> How to complete this task
The goal is an unaltered copy of the records below, minus any images.

── Provided data

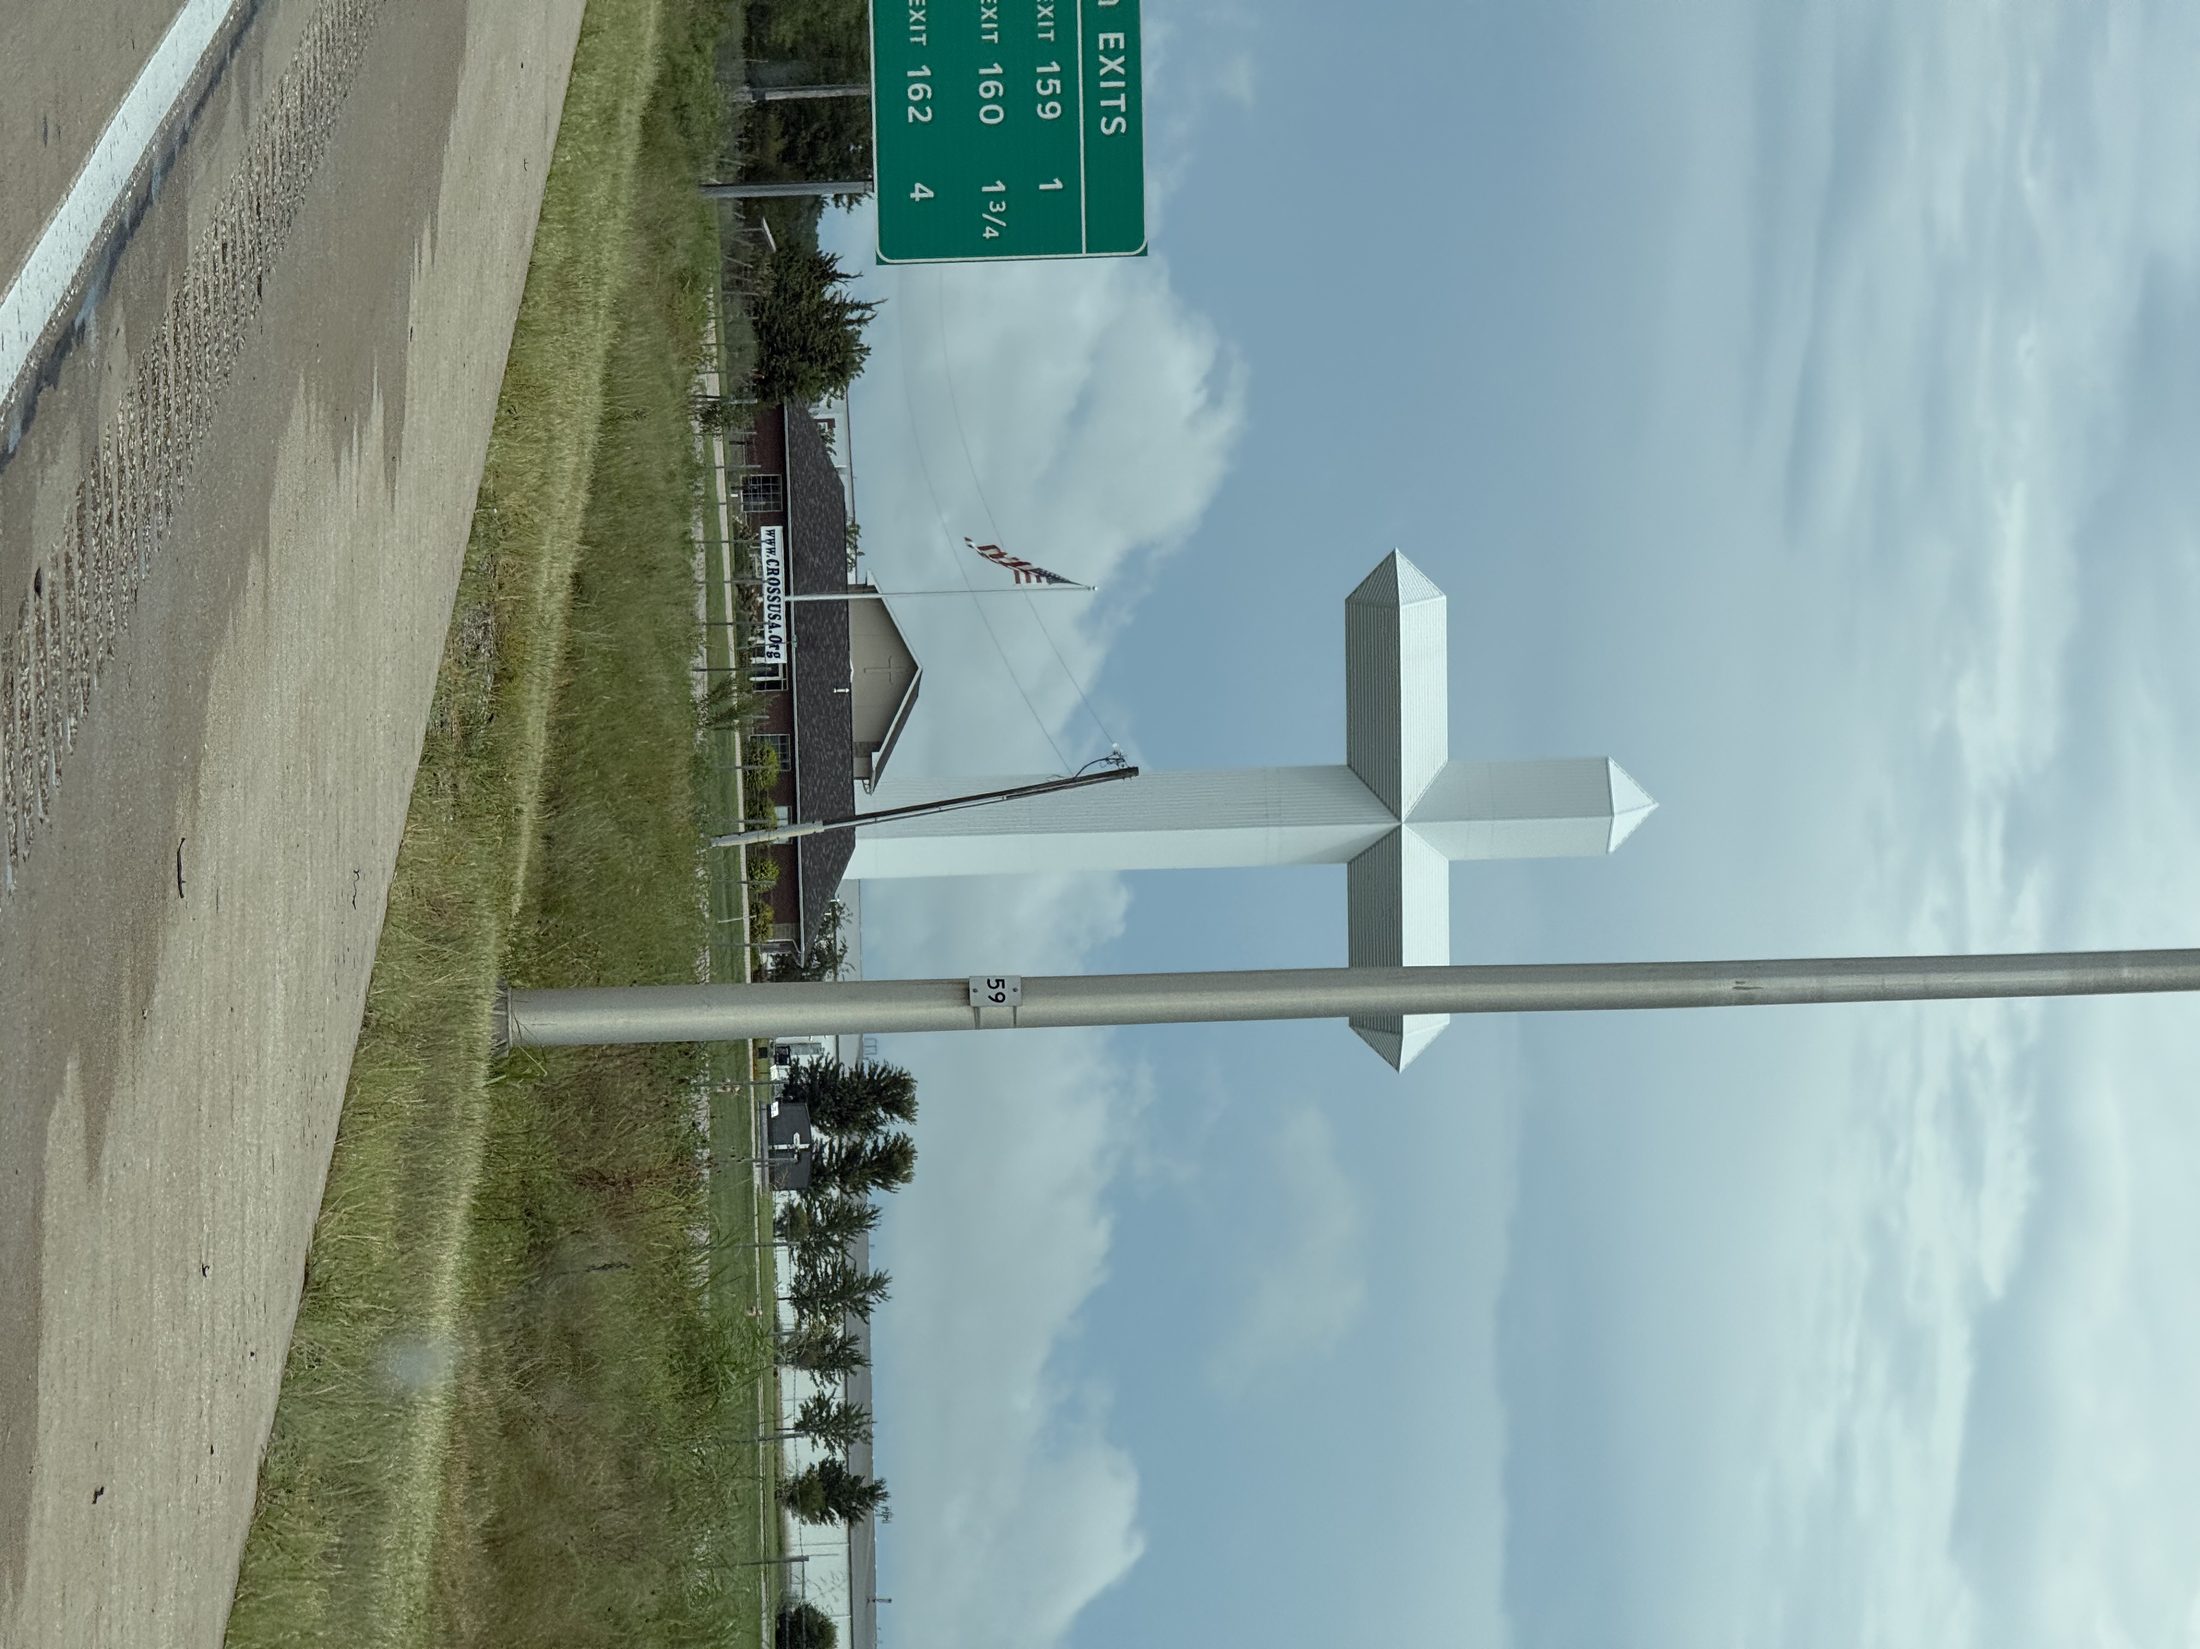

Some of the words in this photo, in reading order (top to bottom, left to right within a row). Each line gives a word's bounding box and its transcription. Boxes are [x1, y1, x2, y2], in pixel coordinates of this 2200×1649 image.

[1037, 0, 1055, 42] XIT
[907, 65, 933, 123] 162
[978, 62, 1005, 125] 160
[1036, 61, 1062, 120] 159
[1098, 32, 1126, 135] EXITS
[909, 182, 934, 202] 4
[1038, 178, 1063, 191] 1
[986, 978, 1006, 1004] 59
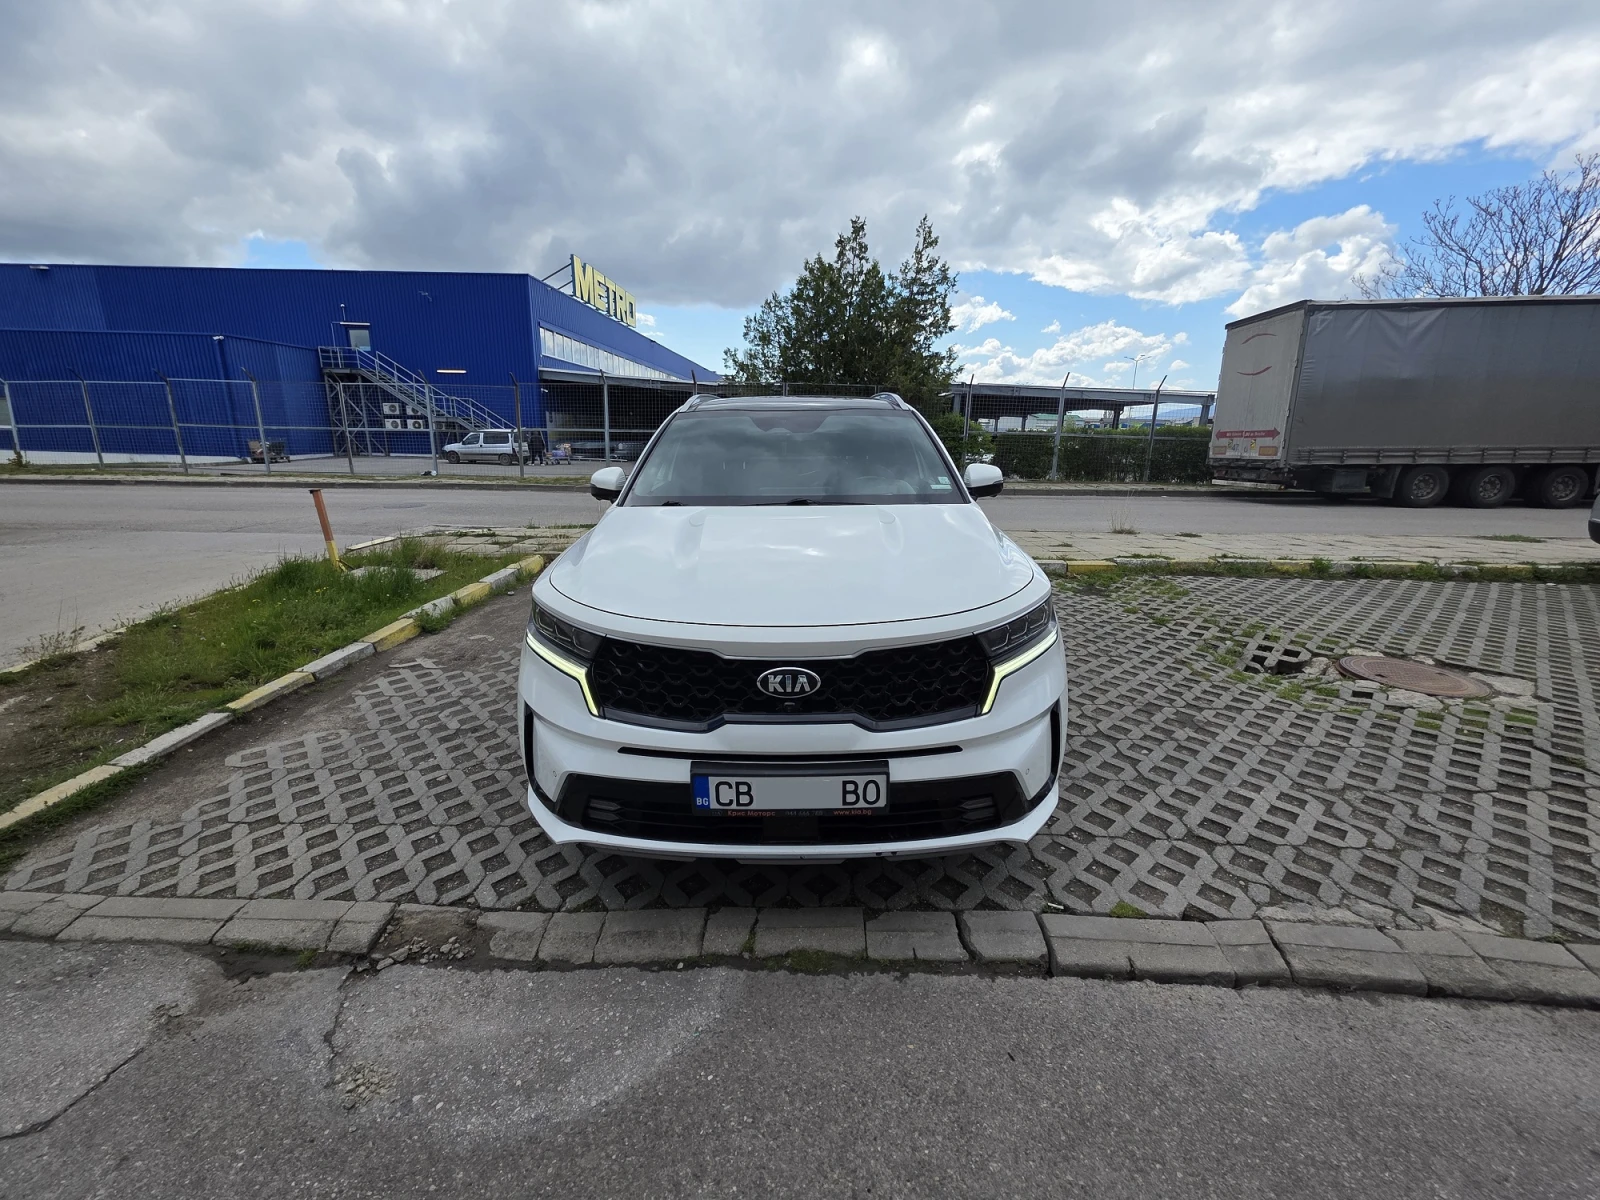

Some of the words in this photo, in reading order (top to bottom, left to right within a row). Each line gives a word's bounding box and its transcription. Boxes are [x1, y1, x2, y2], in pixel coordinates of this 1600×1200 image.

────

> Exercise result
Some of the words in this photo, in reading order (top to bottom, left to right within a row). Each line gives a word's bounding box and its transcription. Boxes are [x1, y1, x2, y2], in pixel coordinates of this 2200×1649 image.

[1037, 0, 1055, 42] XIT
[907, 65, 933, 123] 162
[978, 62, 1005, 125] 160
[1036, 61, 1062, 120] 159
[1098, 32, 1126, 135] EXITS
[909, 182, 934, 202] 4
[1038, 178, 1063, 191] 1
[986, 978, 1006, 1004] 59

Some of the words in this photo, in reading order (top to bottom, left to right within a row). Each line gives a word's bounding box and its transcription. Boxes are [x1, y1, x2, y2], in pixel coordinates of this 1600×1200 image.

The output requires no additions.